[What you are asked to do] Working from the records below, return word for word the line that contains "this 1600×1070 image." and each line after it, ending with the last. Skip all pictures.

[Records]
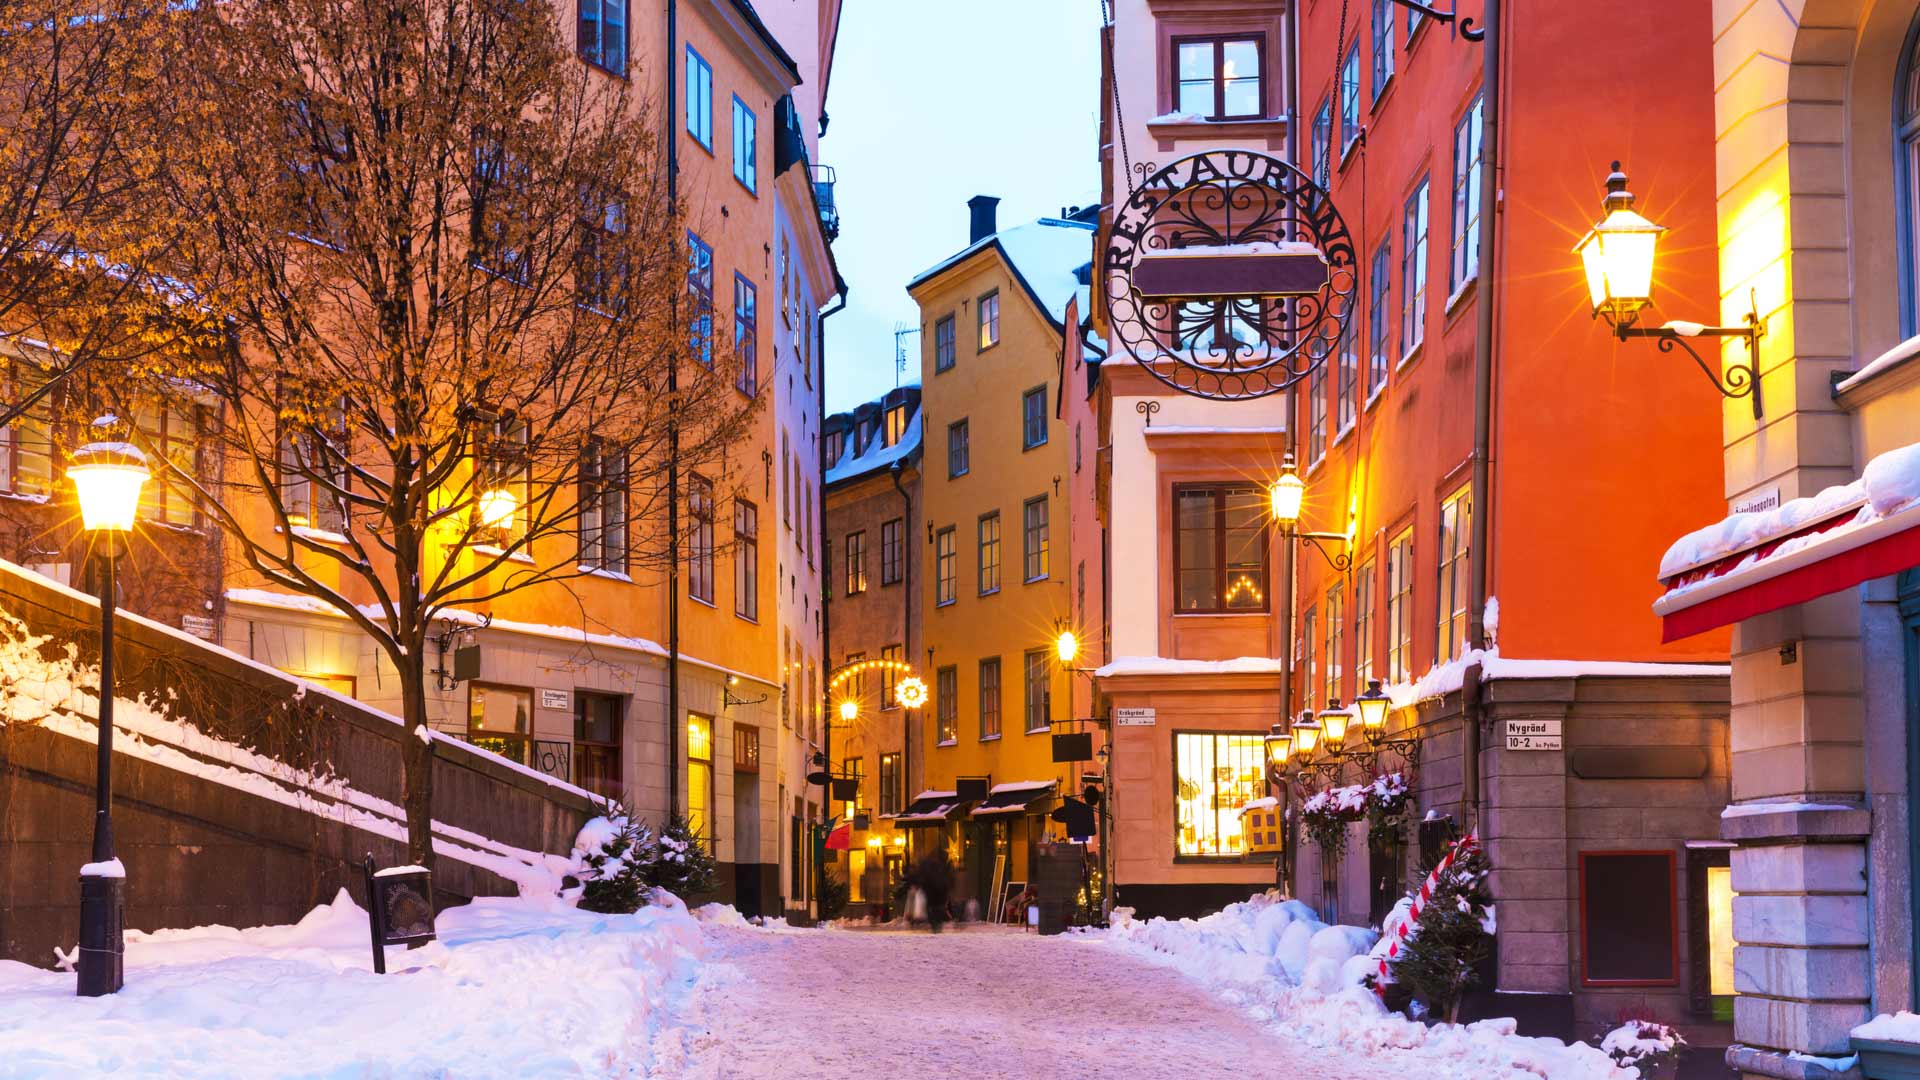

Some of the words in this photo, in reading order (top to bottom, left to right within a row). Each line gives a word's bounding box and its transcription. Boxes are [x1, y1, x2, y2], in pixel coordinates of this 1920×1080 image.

[1105, 152, 1352, 274] RESTAURANG
[1509, 723, 1546, 734] Nygränd
[1510, 737, 1530, 748] 10-2
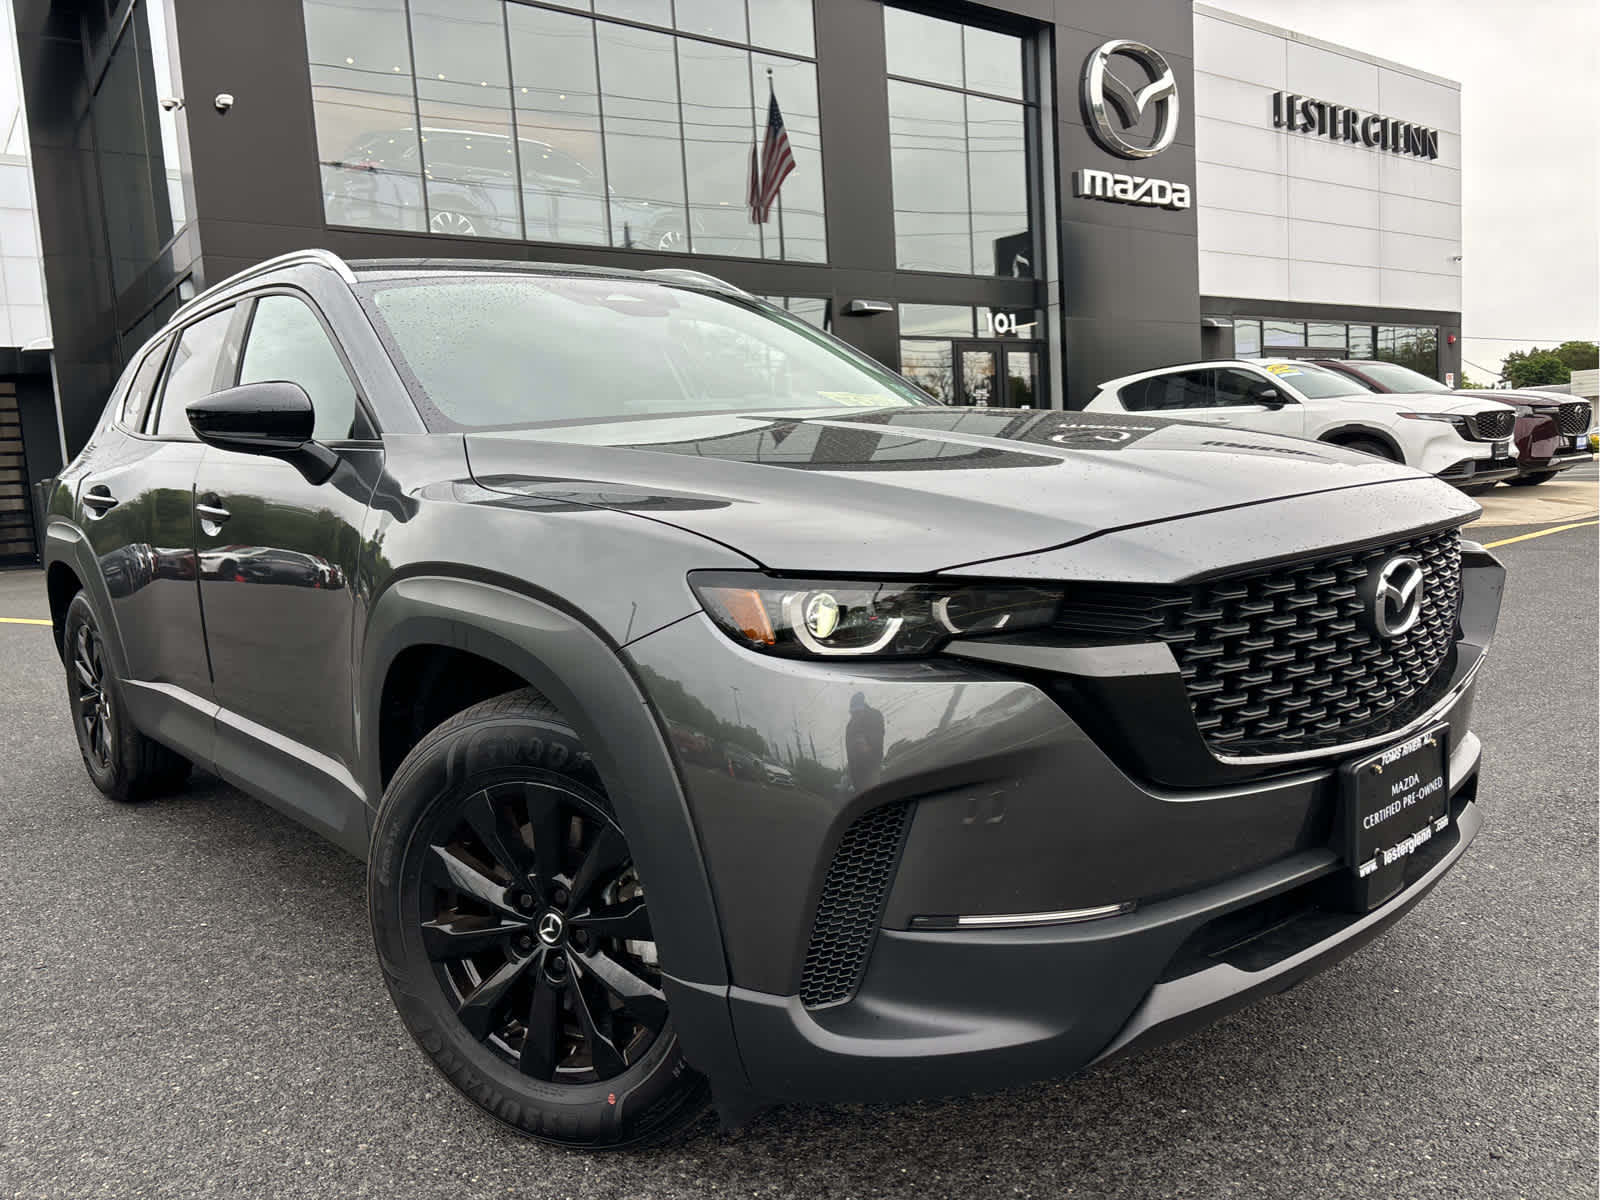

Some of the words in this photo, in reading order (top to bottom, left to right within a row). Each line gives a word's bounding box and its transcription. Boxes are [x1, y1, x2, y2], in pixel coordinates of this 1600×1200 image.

[986, 312, 1016, 334] 101
[1391, 773, 1420, 796] MAZDA
[1363, 801, 1401, 829] CERTIFIED
[1402, 776, 1443, 808] PRE-OWNED
[1382, 826, 1432, 865] lesterglenn
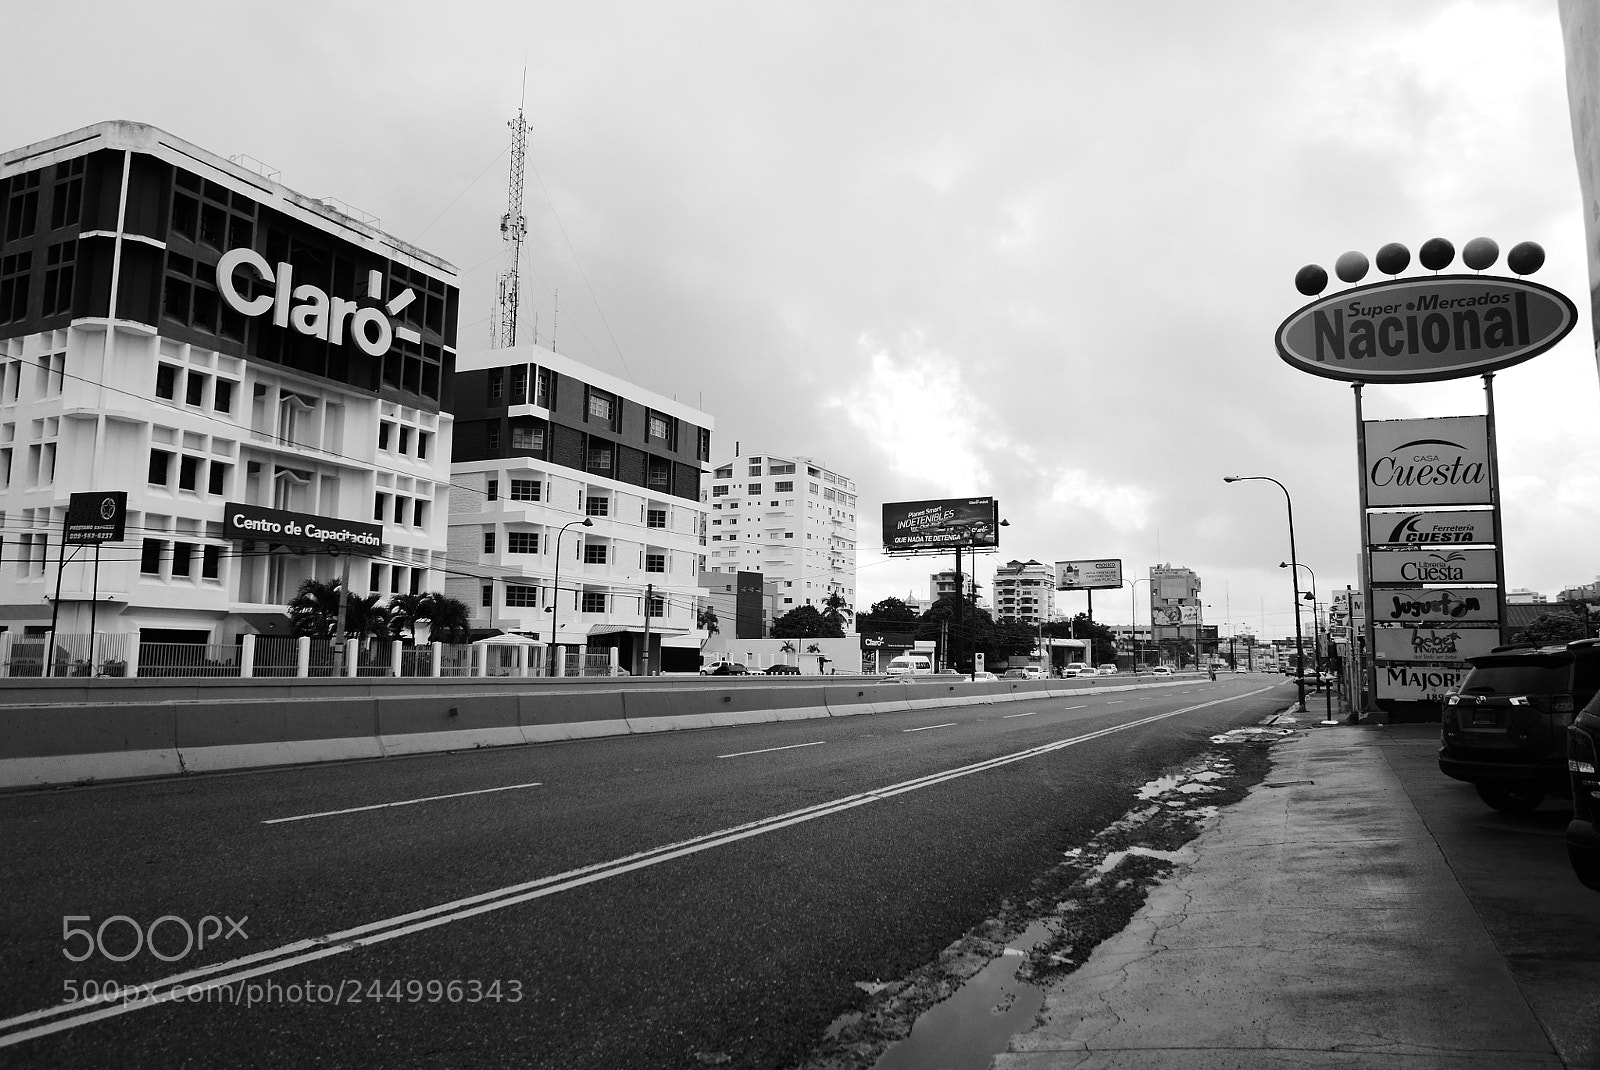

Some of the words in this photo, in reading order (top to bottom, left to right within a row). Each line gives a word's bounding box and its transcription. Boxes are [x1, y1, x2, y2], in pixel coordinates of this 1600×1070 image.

[216, 247, 393, 357] Claro
[1347, 301, 1402, 318] Super
[1416, 292, 1511, 312] Mercados
[1313, 291, 1531, 362] Nacional
[1413, 455, 1440, 463] CASA
[1371, 456, 1486, 487] Cuesta
[897, 509, 954, 529] INDETENIBLES
[907, 509, 926, 519] Planes
[925, 506, 942, 515] Smart
[233, 513, 283, 534] Centro
[284, 520, 301, 536] de
[304, 523, 381, 547] Capacitación
[894, 536, 907, 544] QUE
[907, 535, 924, 543] NADA
[932, 534, 961, 542] DETENGA
[1405, 532, 1473, 542] CUESTA
[1400, 562, 1464, 580] Cuesta
[864, 637, 884, 646] Claro
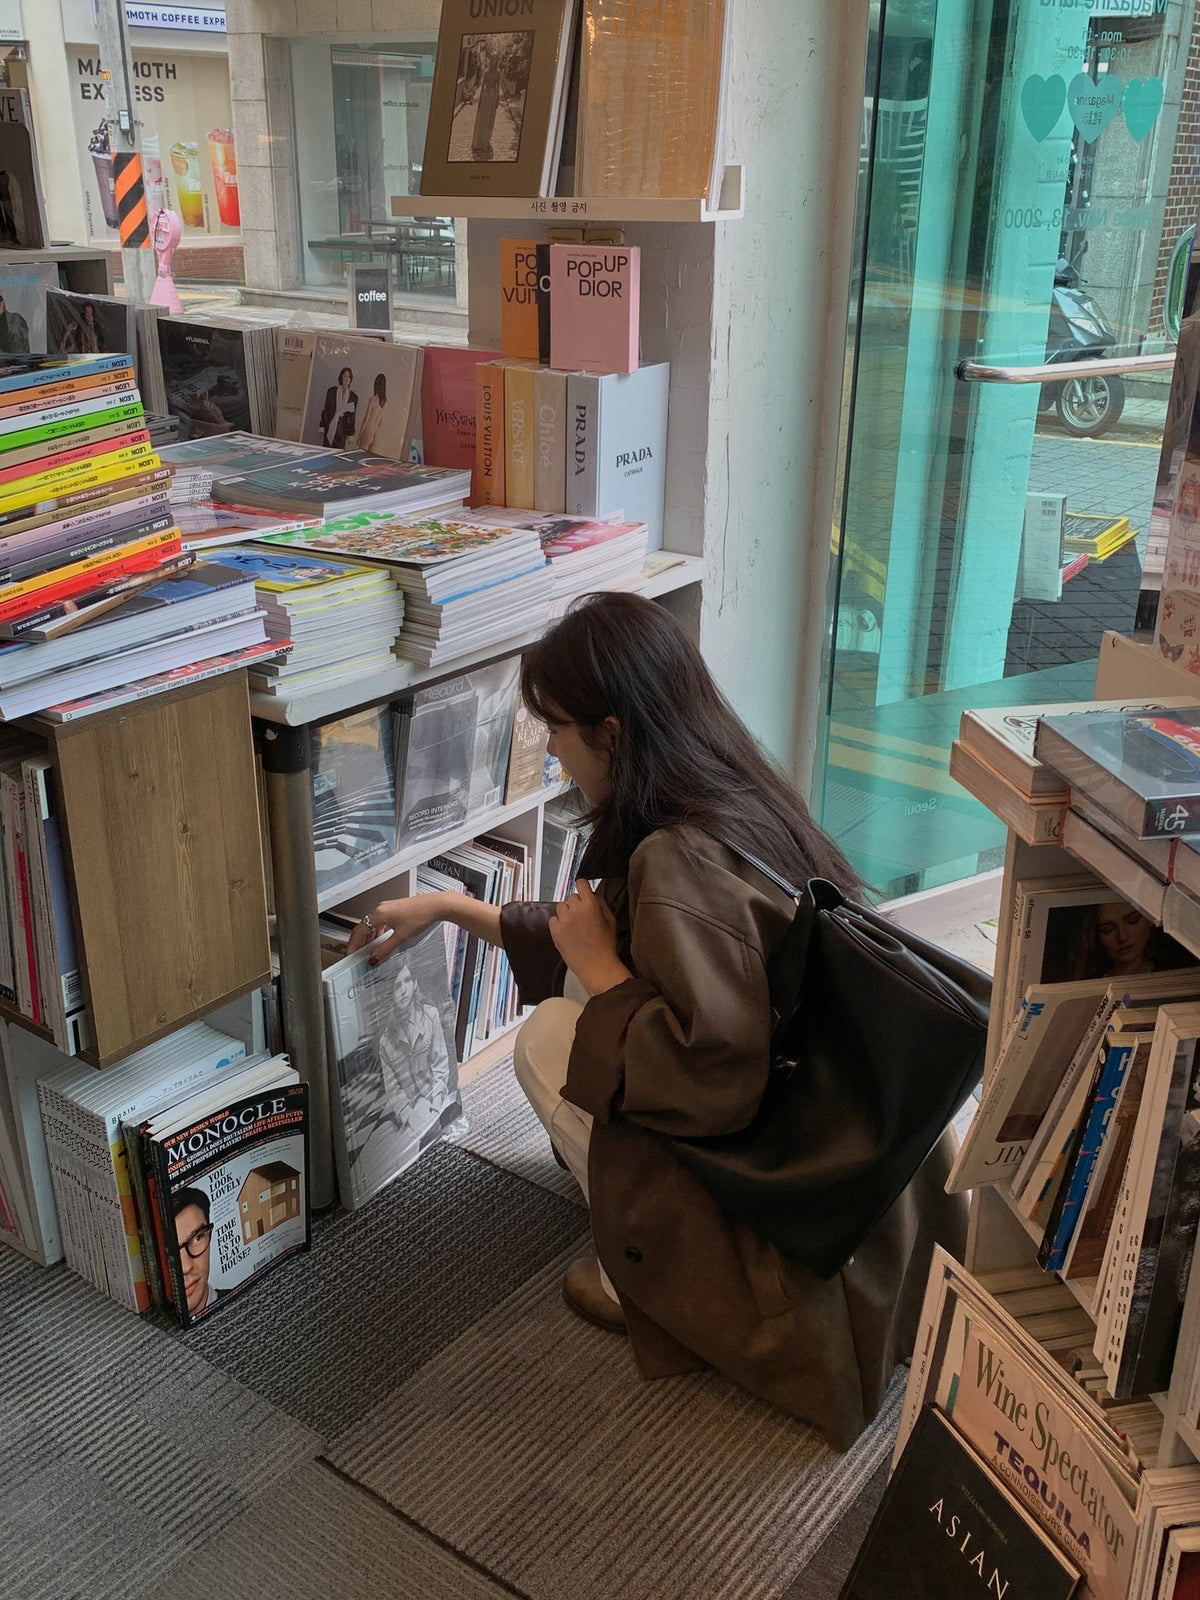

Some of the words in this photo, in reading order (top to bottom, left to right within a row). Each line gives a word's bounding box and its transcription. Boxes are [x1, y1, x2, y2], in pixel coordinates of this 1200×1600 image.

[Answer area]
Some of the words in this photo, in reading order (top to bottom, left to right within a row). Each line gives a word's bounding box and its transcription. Boxes are [x1, y1, x2, y2], in pixel coordinates of this 1600×1070 image.

[216, 247, 393, 357] Claro
[1347, 301, 1402, 318] Super
[1416, 292, 1511, 312] Mercados
[1313, 291, 1531, 362] Nacional
[1413, 455, 1440, 463] CASA
[1371, 456, 1486, 487] Cuesta
[897, 509, 954, 529] INDETENIBLES
[907, 509, 926, 519] Planes
[925, 506, 942, 515] Smart
[233, 513, 283, 534] Centro
[284, 520, 301, 536] de
[304, 523, 381, 547] Capacitación
[894, 536, 907, 544] QUE
[907, 535, 924, 543] NADA
[932, 534, 961, 542] DETENGA
[1405, 532, 1473, 542] CUESTA
[1400, 562, 1464, 580] Cuesta
[864, 637, 884, 646] Claro

Some of the words in this photo, in reading order (top to bottom, left to right within a row). Each line gives a word's bounding box and its transcription. Boxes are [x1, y1, x2, y2], in pixel coordinates of this 1200×1600 image.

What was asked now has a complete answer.